(Annotated photo localization data)
#####
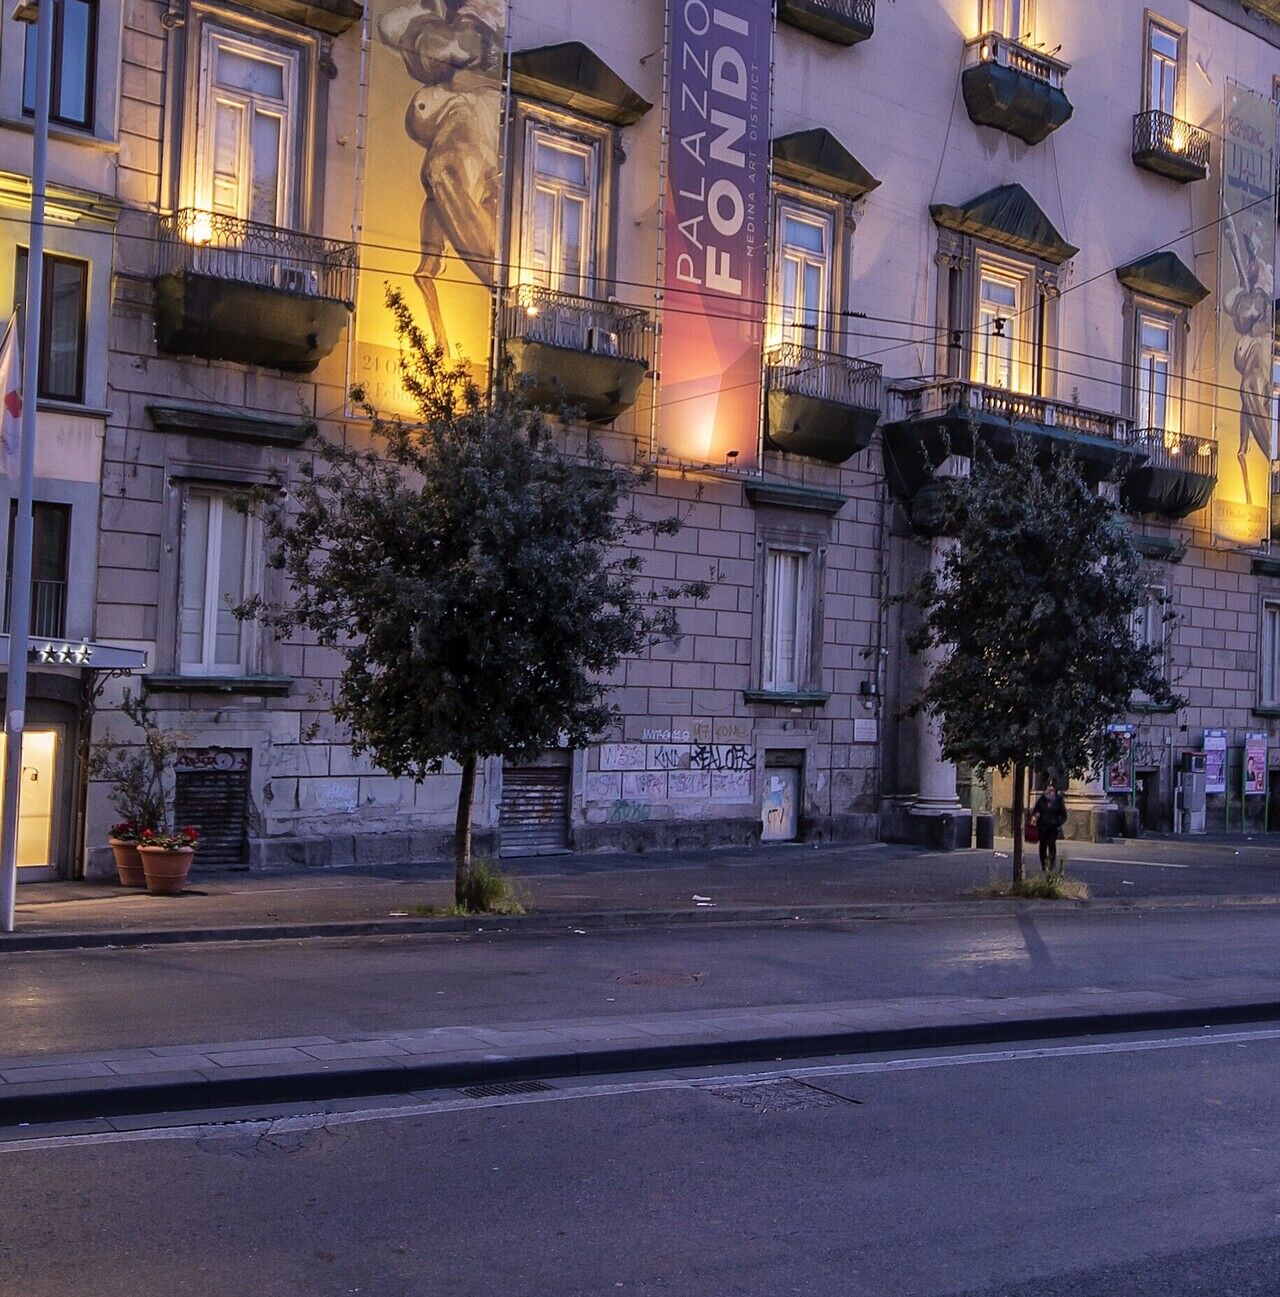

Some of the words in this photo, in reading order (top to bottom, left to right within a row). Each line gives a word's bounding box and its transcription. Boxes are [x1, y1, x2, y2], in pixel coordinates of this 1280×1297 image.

[749, 62, 759, 142] DISTRICT
[705, 8, 749, 296] FONDI
[748, 148, 757, 183] ART
[746, 191, 756, 257] MEDINA
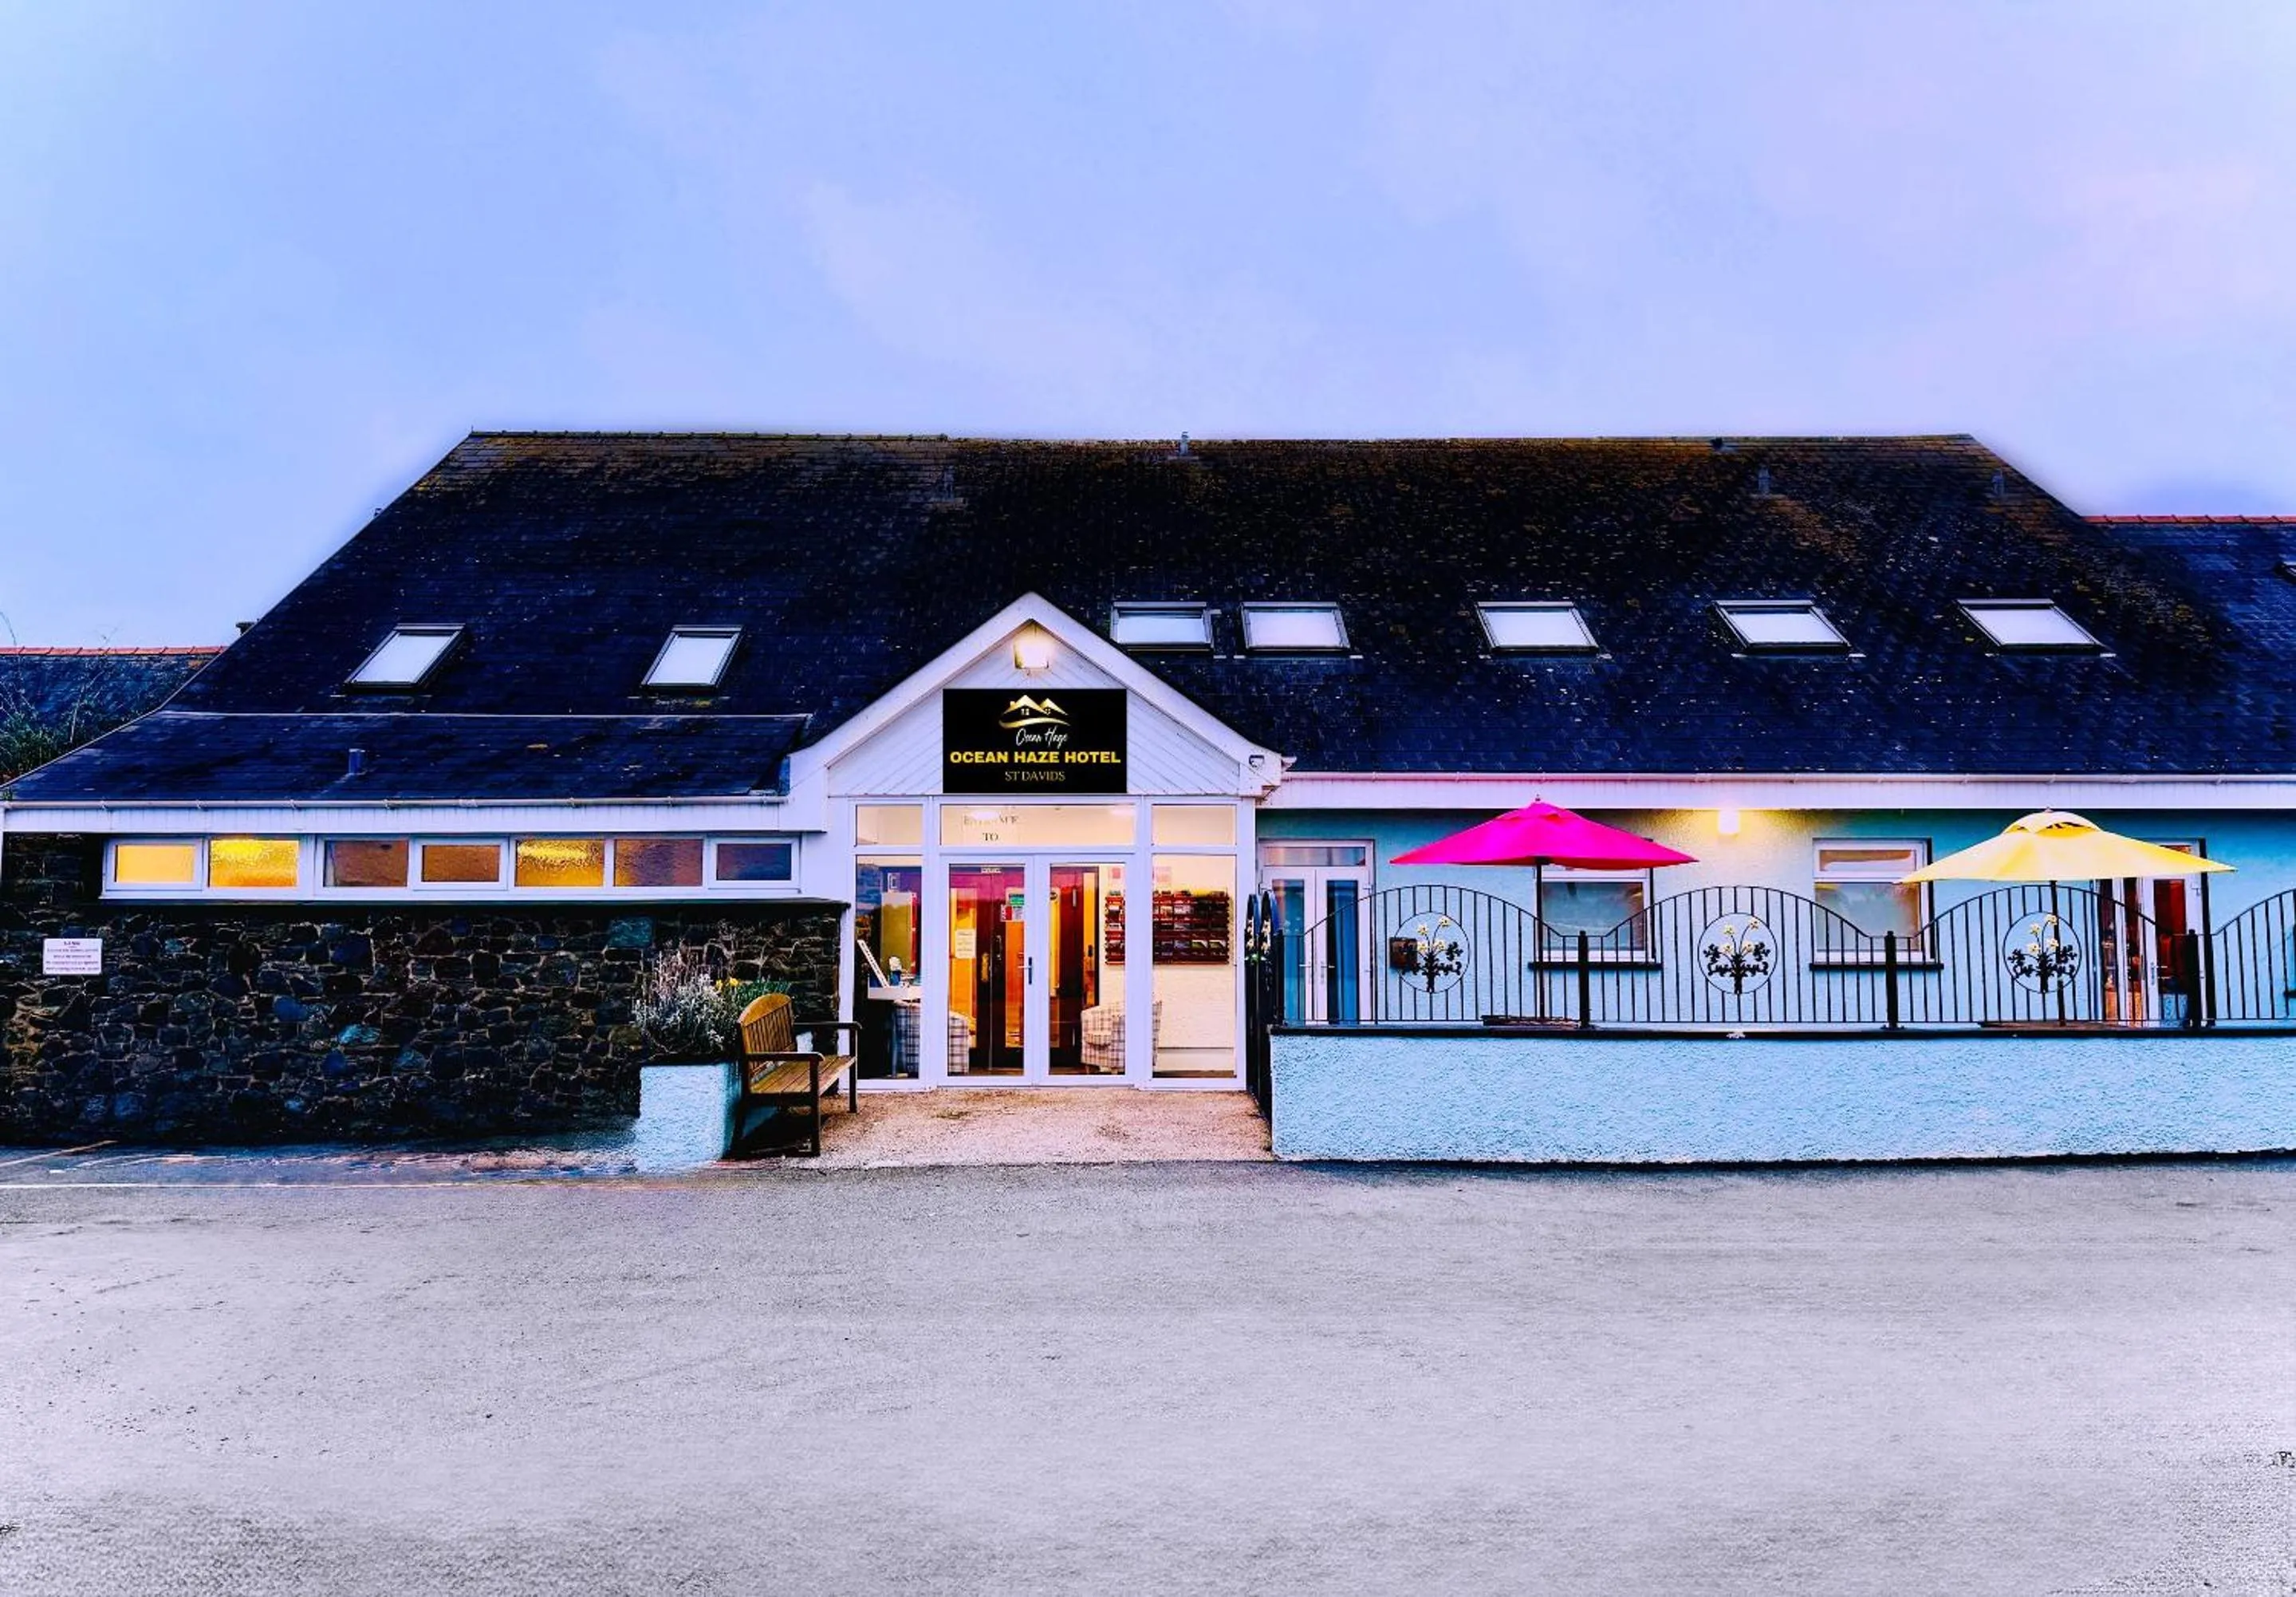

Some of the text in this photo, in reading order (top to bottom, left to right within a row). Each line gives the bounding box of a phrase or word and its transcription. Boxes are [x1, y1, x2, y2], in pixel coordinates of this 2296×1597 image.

[950, 751, 1120, 764] OCEAN HAZE HOTEL
[1005, 771, 1066, 782] ST DAVIDS
#####
- **Exercise**:
The lines to return run from the one containing "Some of the text" through the last line of the records above. Give them exactly and include nothing more.

- **Task answer**:
Some of the text in this photo, in reading order (top to bottom, left to right within a row). Each line gives the bounding box of a phrase or word and its transcription. Boxes are [x1, y1, x2, y2], in pixel coordinates of this 2296×1597 image.

[950, 751, 1120, 764] OCEAN HAZE HOTEL
[1005, 771, 1066, 782] ST DAVIDS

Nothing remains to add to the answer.